(Taiwan, ROC) Walaupun Yuan Eksekutif telah menganggarkan 1 trilyun 50 milyar NTD yang dialokasikan sebagai dana revitalisasi, namun ada anggota legislator yang meragukan terhadap lengkah pendukung seperti subsidi pencegahan epidemi, fasilitas bebas pajak, dikuatirkan hal ini dapat berdampak buruk bagi pelaku UKM, sementara ketentuan penerapan bantuan dan revisi perpajakan seharusnya disama-ratakan untuk setiap usaha agar dapat membantu keberlangsungan usaha masyarakat.
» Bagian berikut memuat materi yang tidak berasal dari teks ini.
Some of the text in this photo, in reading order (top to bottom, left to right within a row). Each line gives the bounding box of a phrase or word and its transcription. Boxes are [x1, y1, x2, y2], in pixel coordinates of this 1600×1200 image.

Oleh karena itu, Biro Perpajakan Kemenkeu menyampaikan, ketentuan untuk pemberian dana revitalisasi berkaitan dengan epidemi maka diterapkan cakupan bantuan subsidi pemerintah, tunjangan serta fasilitas bebas biaya pajak.
Dikarenakan COVID-19 berpengaruh buruk, maka Yuan Eksekutif secara khusus menambah anggaran, dana sebesar 150 milyar NTD sebagai dana bantuan dan revitalisasi yang mencapai 1 trilyun 50 milyar NTD.
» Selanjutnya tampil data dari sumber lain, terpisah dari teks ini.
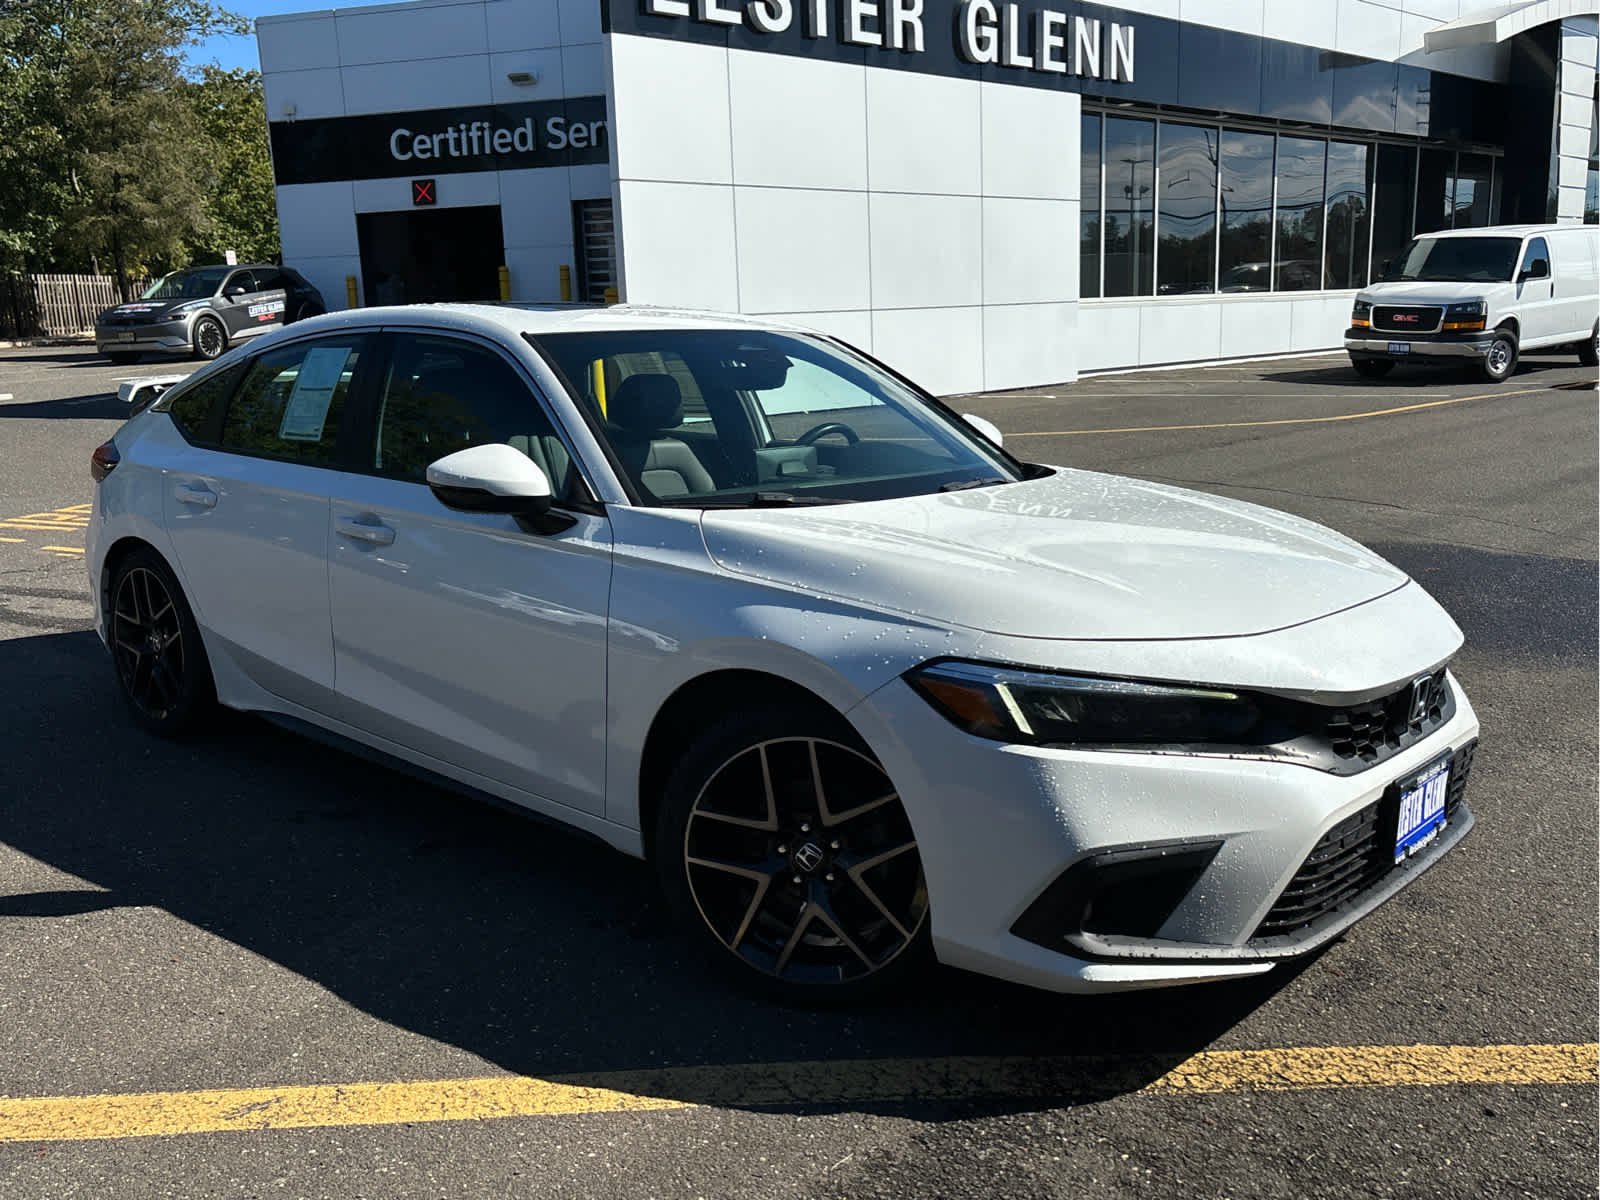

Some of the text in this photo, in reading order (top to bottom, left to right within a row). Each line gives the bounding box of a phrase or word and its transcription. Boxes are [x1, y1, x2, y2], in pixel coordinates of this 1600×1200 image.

[963, 0, 1135, 83] GLENN
[389, 117, 535, 161] Certified
[1393, 314, 1419, 322] GMC
Namun, anggota legislator Partai Progresif Demokratik (DPP) Kuo Kuo-wen(郭國文) pada hari Senin ini (6/4) dalam konferensi pers menyampaikan, berdasarkan aturan sebelumnya, warga yang mendapat subsidi akan dikenakan pajak pendapatan perorangan 5%, untuk pelaku usaha akan dikenakan pajak pendapatan 20%, artinya setelah pemerintah memberikan dana bantuan senilai 10 milyar NTD, jumlah dana yang kembali ke negara sebesar 2 milyar NTD. Sehubungan dengan hal ini, Ia akan mengusulkan “Rancangan Amandemen dari Peraturan Khusus tentang Penyelamatan dan Revitalisasi" dan "Amandemen UU Pajak Penghasilan”, di kedepannya seharusnya bantuan dana yang diberikan dibebaskan biaya pajak, agar bantuan dana penyelamatan ini dapat diterapkan secara optimal. Kuo Kuo-wen mengatakan, “Untuk perorangan, maupun perusahaan semestinya tidak lagi dipotong biaya pajak, diharapkan ada revisi untuk biaya pajak, juga mengharapkan warga Taiwan dapat merasakan niat baik pemerintah dengan nyata, niat baik pemerintah yang dilakukan sepenuhnya.”
Sehubungan dengan hal ini, Wakil Dirjen Biro Perpajakan Kemenkeu Lee I-huei(李怡慧) mengemukakan, dukungan terhadap tindakan pencegahan epidemi, bagi warga yang berkualifikasi untuk menerima dana bantuan revitalisasi, Yuan Eksekutif sementara ini telah meloloskan semua revisi ketentuan cakupan fasilitas bebas pajak, menetapkan bagi praktisi di bidang kedokteran dan industri dipengaruhi akibat pandemi COVID-19 maka pemerintah akan memberikan subsidi, tunjangan serta dikategorikan dalam cakupan bebas pajak.
Berdasarkan sumber informasi, Kemenkeu dalam merevisi ketentuan ini memasukkan kondisi epidemi sebagai faktor utama untuk pemberian dana bantuan, praktisi medis mendapatkan tunjangan, semua bebas dari biaya pajak, hal ini menunjukkan bantuan yang diberikan oleh pemerintah berjalan dengan sempurna.